--- Material for the task Enclosed Below ---
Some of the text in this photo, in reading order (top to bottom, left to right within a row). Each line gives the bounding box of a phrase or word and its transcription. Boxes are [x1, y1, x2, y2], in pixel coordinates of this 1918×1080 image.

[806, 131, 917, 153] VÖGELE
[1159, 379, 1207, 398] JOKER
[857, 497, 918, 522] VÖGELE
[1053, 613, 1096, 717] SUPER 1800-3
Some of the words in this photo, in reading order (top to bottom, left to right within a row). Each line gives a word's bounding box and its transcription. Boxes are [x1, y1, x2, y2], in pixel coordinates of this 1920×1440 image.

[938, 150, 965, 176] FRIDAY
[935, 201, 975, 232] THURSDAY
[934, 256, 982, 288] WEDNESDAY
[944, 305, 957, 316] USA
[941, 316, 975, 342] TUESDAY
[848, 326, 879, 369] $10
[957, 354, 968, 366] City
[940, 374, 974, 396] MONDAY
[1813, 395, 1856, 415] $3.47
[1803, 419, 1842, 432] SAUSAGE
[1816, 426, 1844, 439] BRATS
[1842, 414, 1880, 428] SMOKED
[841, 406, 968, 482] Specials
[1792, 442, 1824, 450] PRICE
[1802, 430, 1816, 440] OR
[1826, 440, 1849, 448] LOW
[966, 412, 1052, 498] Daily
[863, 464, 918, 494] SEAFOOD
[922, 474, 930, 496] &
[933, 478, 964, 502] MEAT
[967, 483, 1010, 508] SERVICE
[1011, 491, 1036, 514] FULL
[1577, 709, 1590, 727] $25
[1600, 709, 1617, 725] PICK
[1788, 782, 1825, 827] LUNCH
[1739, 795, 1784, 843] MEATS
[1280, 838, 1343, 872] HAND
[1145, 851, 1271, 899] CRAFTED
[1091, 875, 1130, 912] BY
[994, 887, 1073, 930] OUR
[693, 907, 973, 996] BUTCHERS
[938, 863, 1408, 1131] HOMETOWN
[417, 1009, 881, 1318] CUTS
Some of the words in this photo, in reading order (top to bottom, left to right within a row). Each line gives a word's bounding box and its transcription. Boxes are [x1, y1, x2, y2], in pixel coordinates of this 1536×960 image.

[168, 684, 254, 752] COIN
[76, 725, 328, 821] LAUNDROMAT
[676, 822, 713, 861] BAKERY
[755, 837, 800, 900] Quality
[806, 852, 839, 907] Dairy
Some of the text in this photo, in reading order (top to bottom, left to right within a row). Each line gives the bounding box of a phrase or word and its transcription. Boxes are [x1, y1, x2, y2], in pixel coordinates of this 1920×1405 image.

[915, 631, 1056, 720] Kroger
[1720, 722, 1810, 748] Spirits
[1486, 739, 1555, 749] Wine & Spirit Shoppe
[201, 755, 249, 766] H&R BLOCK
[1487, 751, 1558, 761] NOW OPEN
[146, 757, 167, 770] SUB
--- End of Enclosed Material for the task ---
**Exercise aim:** Copy all of the data above, character for character.

**Exercise output:**
Some of the text in this photo, in reading order (top to bottom, left to right within a row). Each line gives the bounding box of a phrase or word and its transcription. Boxes are [x1, y1, x2, y2], in pixel coordinates of this 1918×1080 image.

[806, 131, 917, 153] VÖGELE
[1159, 379, 1207, 398] JOKER
[857, 497, 918, 522] VÖGELE
[1053, 613, 1096, 717] SUPER 1800-3
Some of the words in this photo, in reading order (top to bottom, left to right within a row). Each line gives a word's bounding box and its transcription. Boxes are [x1, y1, x2, y2], in pixel coordinates of this 1920×1440 image.

[938, 150, 965, 176] FRIDAY
[935, 201, 975, 232] THURSDAY
[934, 256, 982, 288] WEDNESDAY
[944, 305, 957, 316] USA
[941, 316, 975, 342] TUESDAY
[848, 326, 879, 369] $10
[957, 354, 968, 366] City
[940, 374, 974, 396] MONDAY
[1813, 395, 1856, 415] $3.47
[1803, 419, 1842, 432] SAUSAGE
[1816, 426, 1844, 439] BRATS
[1842, 414, 1880, 428] SMOKED
[841, 406, 968, 482] Specials
[1792, 442, 1824, 450] PRICE
[1802, 430, 1816, 440] OR
[1826, 440, 1849, 448] LOW
[966, 412, 1052, 498] Daily
[863, 464, 918, 494] SEAFOOD
[922, 474, 930, 496] &
[933, 478, 964, 502] MEAT
[967, 483, 1010, 508] SERVICE
[1011, 491, 1036, 514] FULL
[1577, 709, 1590, 727] $25
[1600, 709, 1617, 725] PICK
[1788, 782, 1825, 827] LUNCH
[1739, 795, 1784, 843] MEATS
[1280, 838, 1343, 872] HAND
[1145, 851, 1271, 899] CRAFTED
[1091, 875, 1130, 912] BY
[994, 887, 1073, 930] OUR
[693, 907, 973, 996] BUTCHERS
[938, 863, 1408, 1131] HOMETOWN
[417, 1009, 881, 1318] CUTS
Some of the words in this photo, in reading order (top to bottom, left to right within a row). Each line gives a word's bounding box and its transcription. Boxes are [x1, y1, x2, y2], in pixel coordinates of this 1536×960 image.

[168, 684, 254, 752] COIN
[76, 725, 328, 821] LAUNDROMAT
[676, 822, 713, 861] BAKERY
[755, 837, 800, 900] Quality
[806, 852, 839, 907] Dairy
Some of the text in this photo, in reading order (top to bottom, left to right within a row). Each line gives the bounding box of a phrase or word and its transcription. Boxes are [x1, y1, x2, y2], in pixel coordinates of this 1920×1405 image.

[915, 631, 1056, 720] Kroger
[1720, 722, 1810, 748] Spirits
[1486, 739, 1555, 749] Wine & Spirit Shoppe
[201, 755, 249, 766] H&R BLOCK
[1487, 751, 1558, 761] NOW OPEN
[146, 757, 167, 770] SUB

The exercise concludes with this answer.